The latest essay on the RTÉ is about allergies and…(cue thunder and sinister music) THE DANGERS OF LIBRARIES!
Click here or read on…
Allergies
It’s the time of year that we hay-fever sufferers tend to prefer. And for a brief time I did believe the sniffles were behind me, the red eyes and the congestion, that old familiar leaky-pipe kind of expression. But a recent project in work involved relocating thousands of books, most of them untouched in years. While everybody was swanning around the library with dirty hands and rolled up sleeves, I was wheezing from one bay to the next with a dust mask stuck to my mush. It slowly began to dawn on me that I might be one of those rare writers who are actually allergic to books.
I know there are some who laugh at the idea of a library being a hazardous place to work. But, are they really as safe as people might think? Of course there are the usual battles for seats around exam times to contend with. The murderous glances when the subject of a late fine pops up. Or even the time some old guy nearly throttled me for hitting the spacebar on my laptop too hard.
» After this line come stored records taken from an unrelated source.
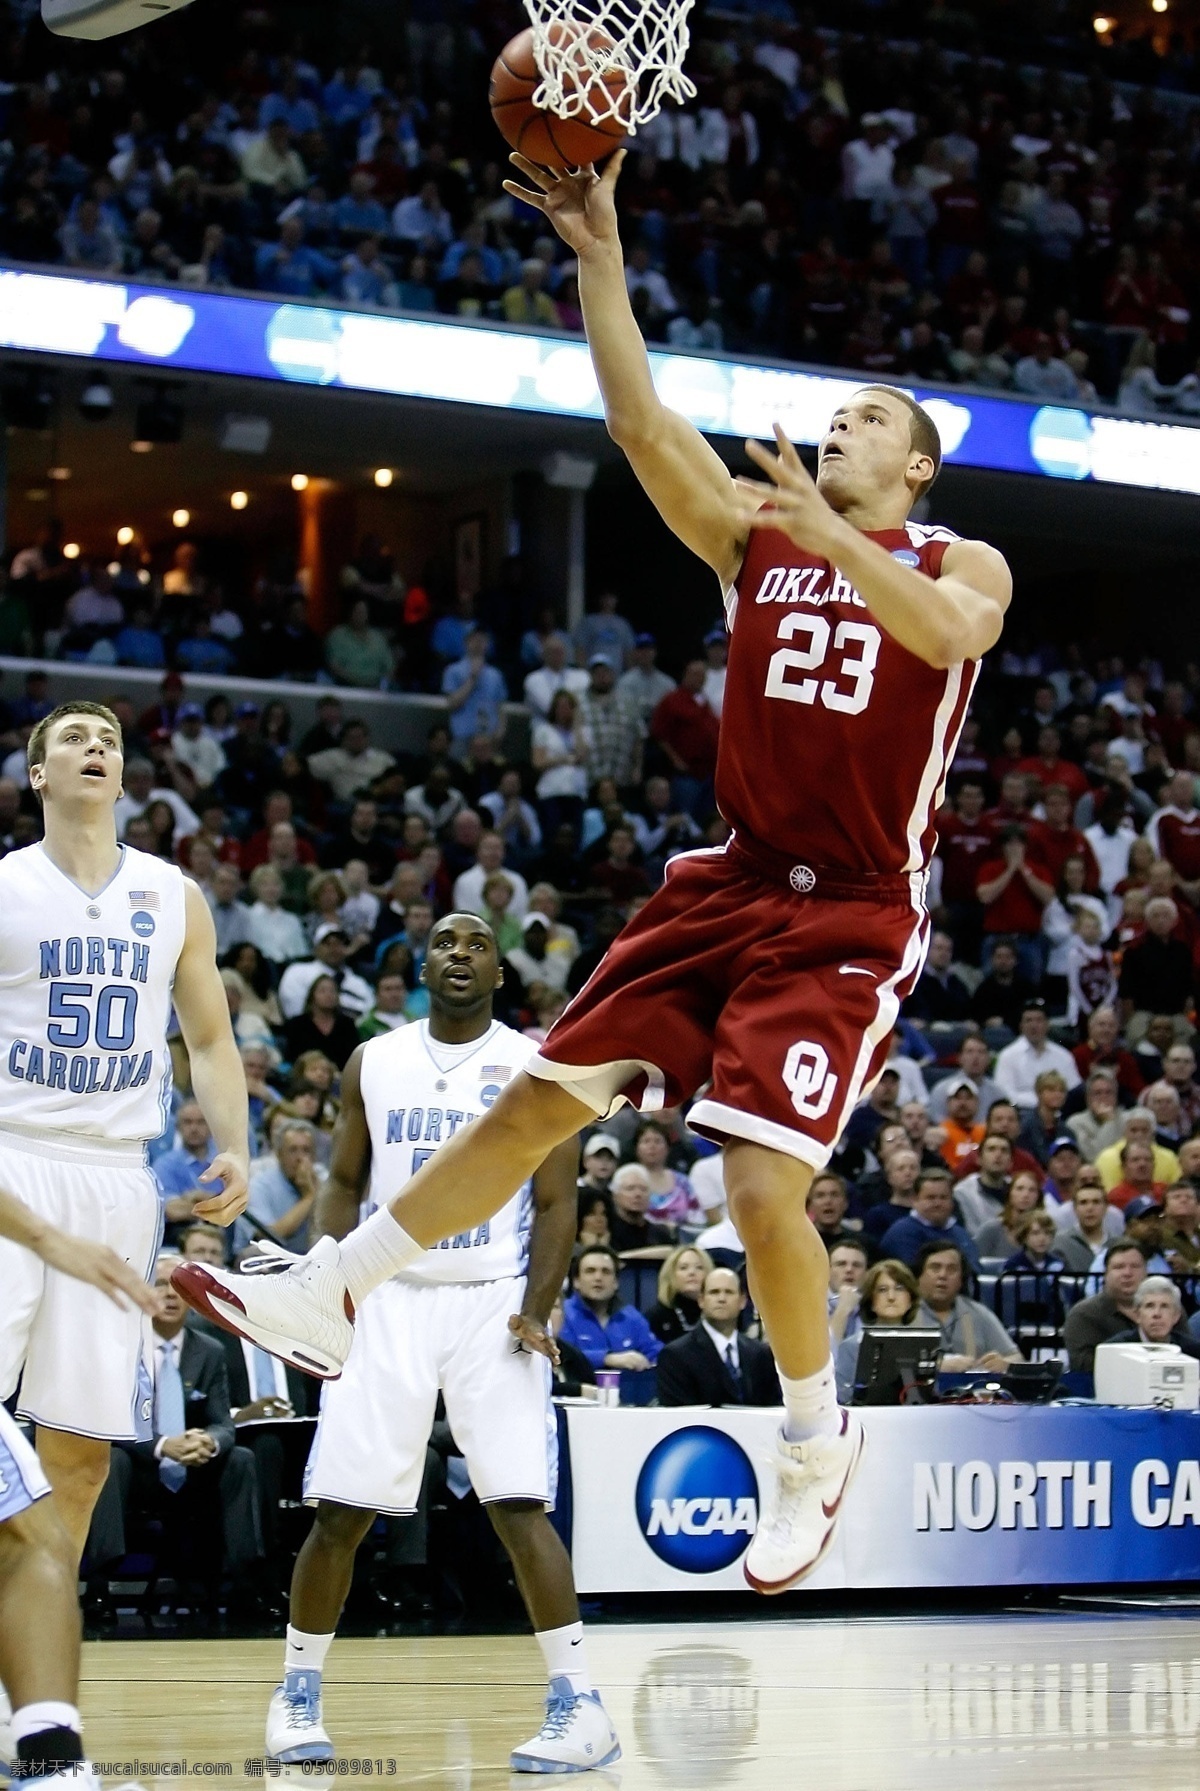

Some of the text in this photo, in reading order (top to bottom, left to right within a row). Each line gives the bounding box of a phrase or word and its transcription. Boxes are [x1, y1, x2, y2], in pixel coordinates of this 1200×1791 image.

[755, 567, 867, 608] OKLH
[764, 611, 882, 716] 23
[39, 936, 150, 983] NORTH
[47, 981, 138, 1051] 50
[8, 1039, 153, 1094] CAROLINA
[646, 1497, 758, 1536] NCAA
[913, 1458, 1200, 1531] NORTH CA
But everyone should also be aware to the fact that paper is a combustible material and despite advances in modern technology, most library buildings are still crammed full of that stuff.
Another thing that doesn’t go unnoticed is how the library is always one of the first places to be hit when a regime decides to inflict some kind of culture shift on a nation. The Nazis were no stranger to this, destroying libraries in Germany, Serbia and Poland. While the Pol Pot regime in Cambodia destroyed 80% of the National library holdings. Nowadays, that very same library has recovered to hold over 100,000 works, including a special collection of palm manuscripts. These are strips of leaf etched in ornate calligraphy on folk tales or religious themes. And their survival is one which always makes me think of healthy green shoots, sprouting from vast fields of rubble.
Over the years there have been cases of libraries destroyed by flood or bomb, tales of collapsing shelves and falling books. But the biggest hazard is by far the smallest. Living in the mould that lurks between the pages of neglected volumes are multiple strains of bacteria, many of which can cause serious respiratory diseases. In the early nineties, a public library in New Mexico was forced to close down because of an unusual fungus outbreak in the reference section. In true ‘Day of the Triffids’ fashion, the fungus promptly spread to old history books before moving onto literary fiction. For all we know, it could be feeding on an George Eliot novel as we speak… So, for those who laugh in the face of library peril and the common allergy, this might be something worth thinking about when licking a finger to turn to the next page.
I’ll be doing a bit more hand washing when I’m shelving me thinks 🤔. Brilliant and very interesting piece.